§ REQUIREMENT
No line of the records may be dropped; print them all again exactly.

§ DATASET CONTENT

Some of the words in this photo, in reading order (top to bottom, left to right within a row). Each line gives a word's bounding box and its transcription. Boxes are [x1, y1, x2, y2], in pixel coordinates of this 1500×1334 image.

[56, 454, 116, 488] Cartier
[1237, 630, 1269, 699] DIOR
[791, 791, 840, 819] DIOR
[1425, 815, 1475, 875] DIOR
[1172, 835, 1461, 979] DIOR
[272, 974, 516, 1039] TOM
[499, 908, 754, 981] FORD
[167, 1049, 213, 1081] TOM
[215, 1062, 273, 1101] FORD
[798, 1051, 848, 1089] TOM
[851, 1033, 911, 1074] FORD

§ SOLUTION FOR THIS TASK
Some of the words in this photo, in reading order (top to bottom, left to right within a row). Each line gives a word's bounding box and its transcription. Boxes are [x1, y1, x2, y2], in pixel coordinates of this 1500×1334 image.

[56, 454, 116, 488] Cartier
[1237, 630, 1269, 699] DIOR
[791, 791, 840, 819] DIOR
[1425, 815, 1475, 875] DIOR
[1172, 835, 1461, 979] DIOR
[272, 974, 516, 1039] TOM
[499, 908, 754, 981] FORD
[167, 1049, 213, 1081] TOM
[215, 1062, 273, 1101] FORD
[798, 1051, 848, 1089] TOM
[851, 1033, 911, 1074] FORD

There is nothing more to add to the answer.